Appeals court upholds Chrysler bankruptcy assets sale
Matt Glenn on June 6, 2009 8:04 PM ET

[JURIST] The US Court of Appeals for the Second Circuit [official website] Friday approved the sale of most of the assets of Chrysler Group [corporate website] to Italian automaker Fiat [corporate website; Chrysler/Fiat news release], but said the deal could not be completed until June 8 or until the Supreme Court declines to hear an appeal. The ruling upheld Monday's decision [opinion, PDF; JURIST report] by the US Bankruptcy Court for the Second District of New York [official website]. The deal is opposed by a group of Indiana pension funds that acquired $42.5 million in secured Chrysler debt last year. The funds argue that the agreement is unfairly biased toward unsecured creditors. Lawyers for the funds said they plan to appeal [NYT report].

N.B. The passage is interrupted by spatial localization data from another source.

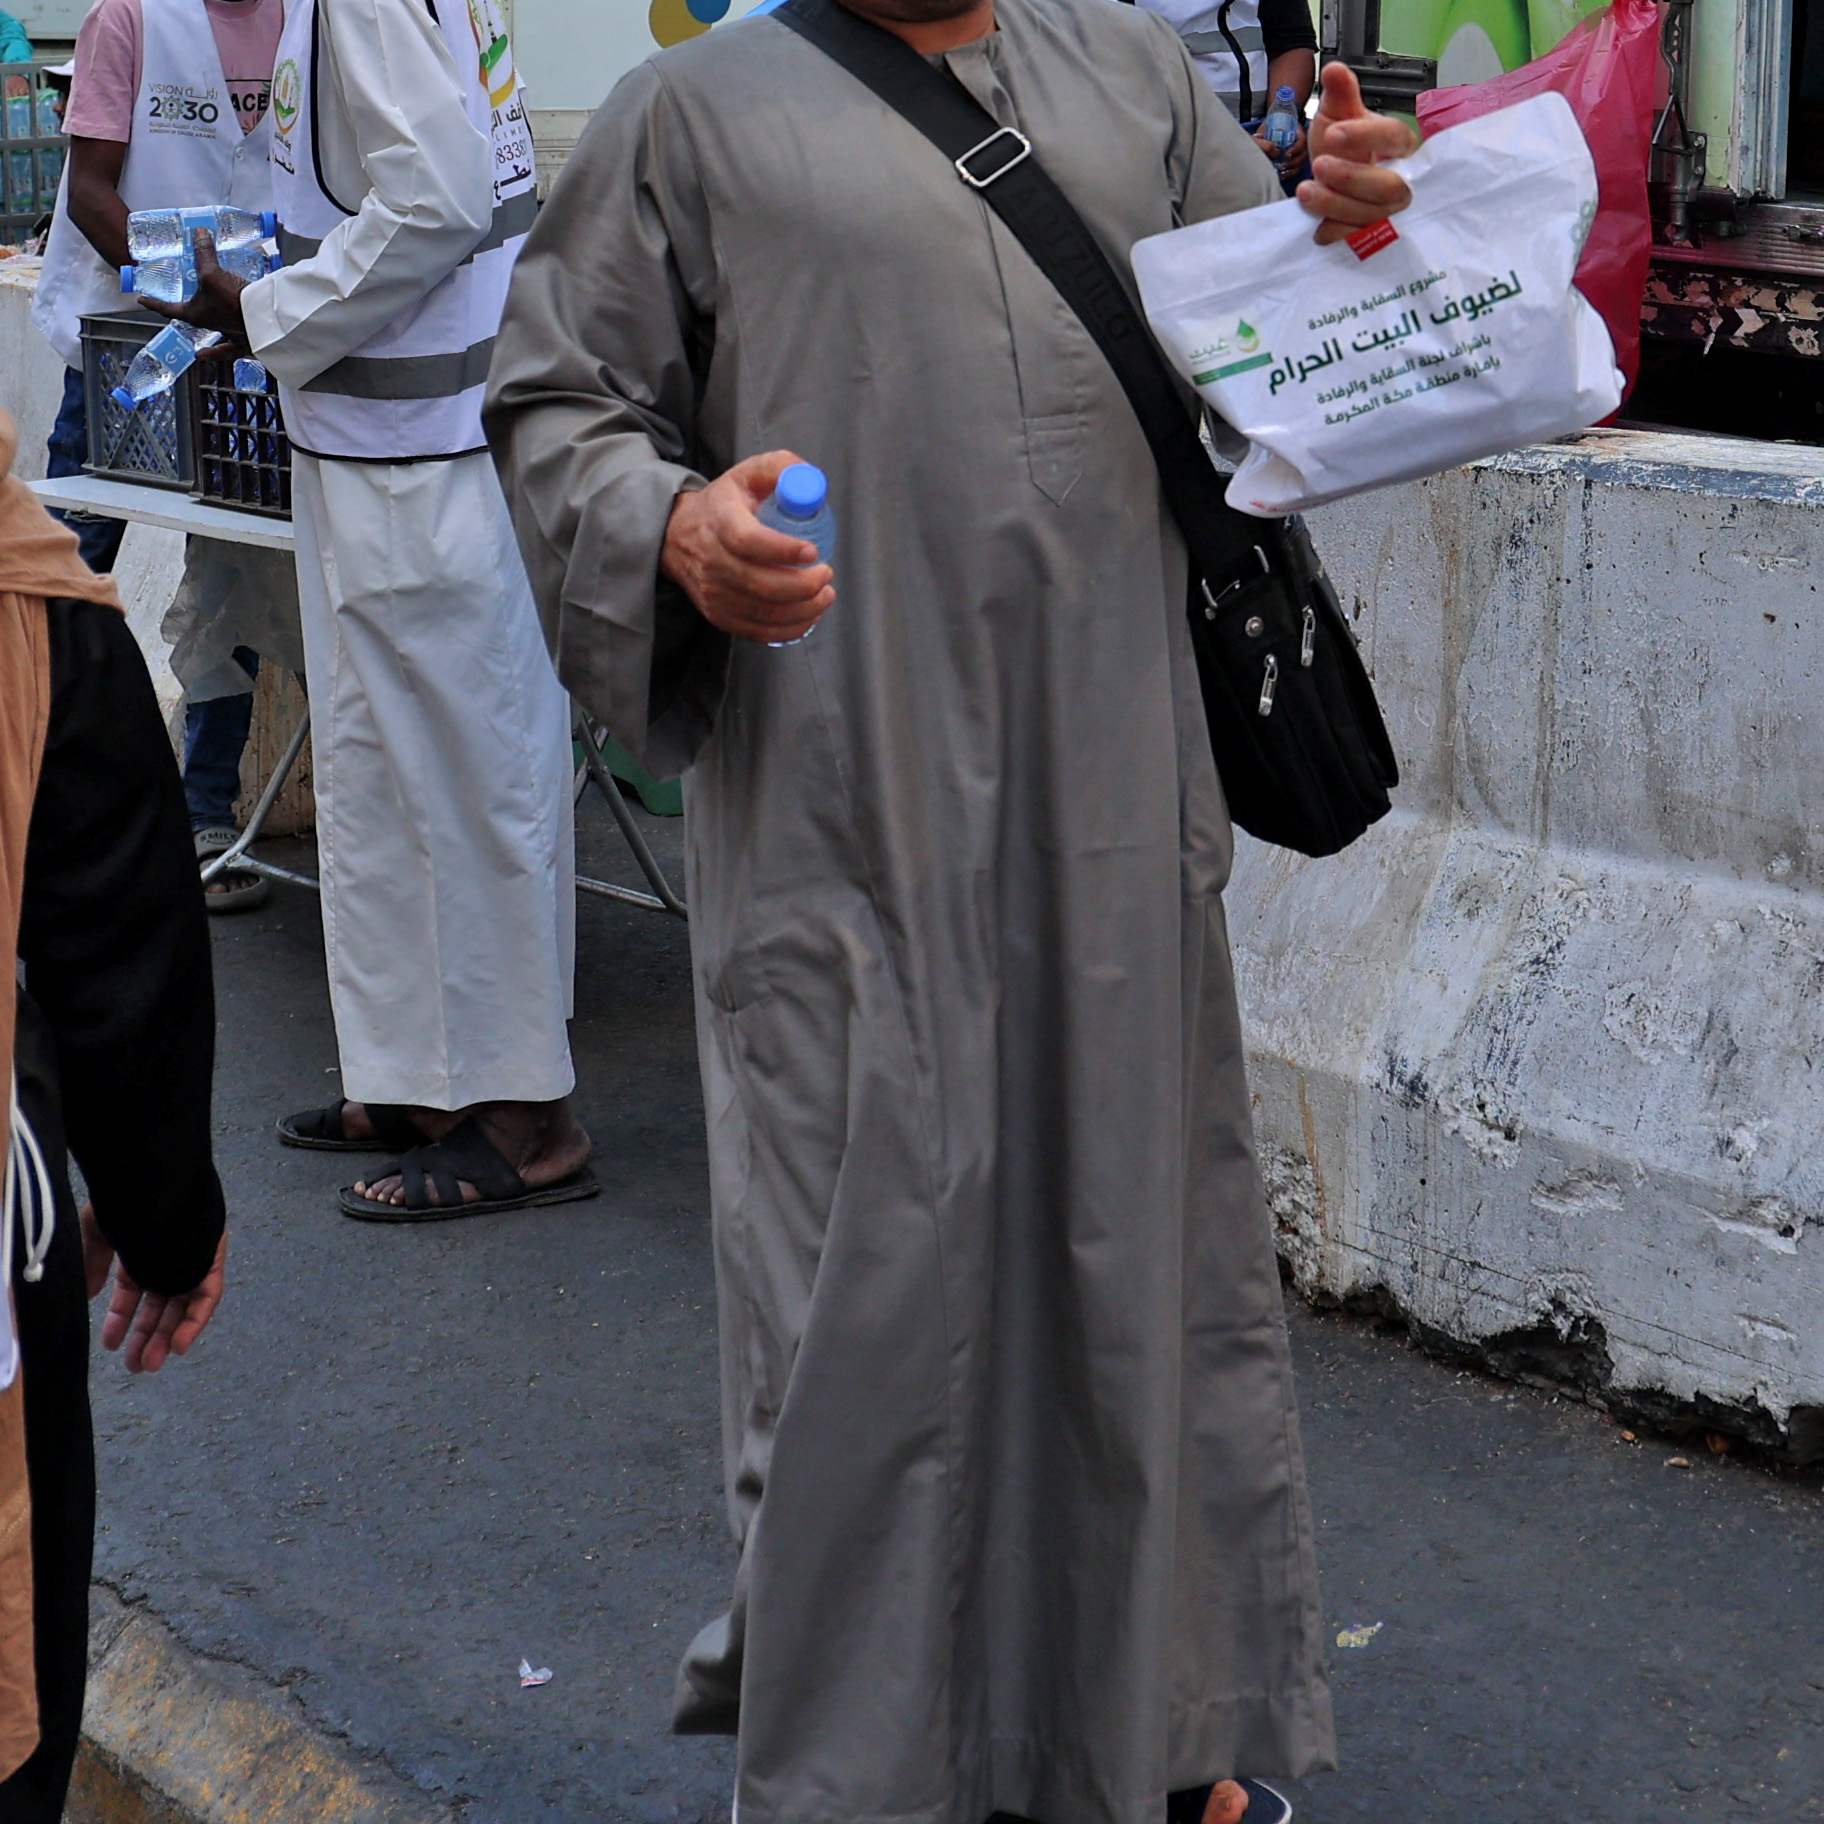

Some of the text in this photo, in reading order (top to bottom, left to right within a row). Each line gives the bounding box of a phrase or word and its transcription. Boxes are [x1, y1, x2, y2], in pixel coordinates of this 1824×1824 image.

[148, 83, 183, 98] VISION
[1308, 269, 1448, 331] مشروع السقاية والرفادة
[1267, 269, 1523, 395] لضيوف البيت الحرام
[1370, 358, 1416, 385] السقاية
[1416, 369, 1460, 394] منطقة
[1317, 378, 1367, 405] والرفادة
[1384, 385, 1413, 405] مكة
[1325, 398, 1380, 426] المكرمة

Chrysler filed for bankruptcy protection [case materials] in April under Chapter 11 [text; Chrysler factsheet, PDF] of the US Bankruptcy Code after failing to negotiate the return of $6.9 billion in debt for $2 billion in cash with secured debt holders. The other members of Detroit's "Big Three" automakers have also faced financial troubles recently. General Motors [corporate website] filed [JURIST report] for bankruptcy [petition, PDF] on Monday. Ford Motor Company [corporate website] is seeking to regain lost market share [WSJ report] while its domestic rivals are involved in bankruptcy proceedings.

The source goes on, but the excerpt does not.